Go through the records and transcribe them exactly, passing over any picture.

INPUT DATA:
- Opening Delimiter -

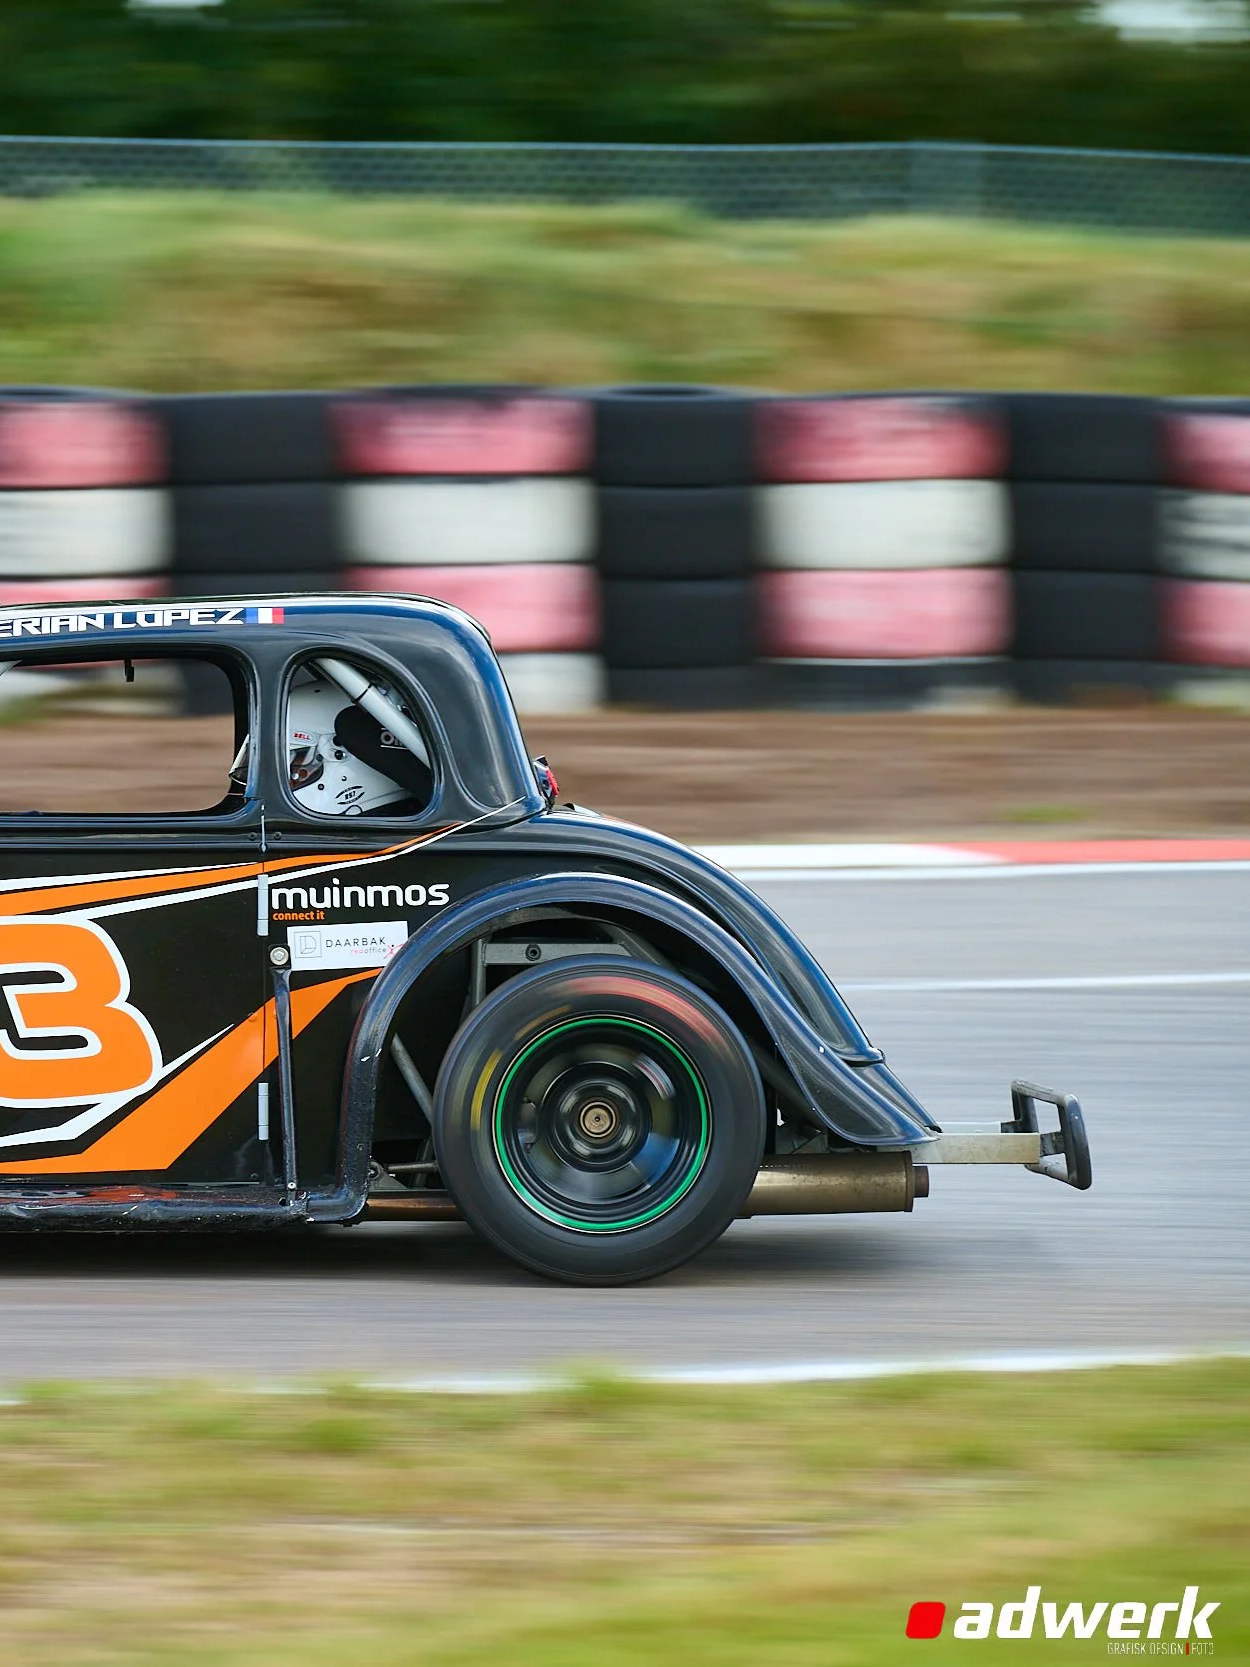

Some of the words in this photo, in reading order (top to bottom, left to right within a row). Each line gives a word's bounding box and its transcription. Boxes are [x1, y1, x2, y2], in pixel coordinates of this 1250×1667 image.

[113, 607, 244, 629] LOPEZ
[293, 732, 311, 741] BELL
[271, 877, 450, 910] muinmos
[272, 911, 315, 921] connect
[316, 910, 326, 920] it
[325, 937, 386, 948] DAARBAK

- Closing Delimiter -

YOUR SOLUTION:
Some of the words in this photo, in reading order (top to bottom, left to right within a row). Each line gives a word's bounding box and its transcription. Boxes are [x1, y1, x2, y2], in pixel coordinates of this 1250×1667 image.

[113, 607, 244, 629] LOPEZ
[293, 732, 311, 741] BELL
[271, 877, 450, 910] muinmos
[272, 911, 315, 921] connect
[316, 910, 326, 920] it
[325, 937, 386, 948] DAARBAK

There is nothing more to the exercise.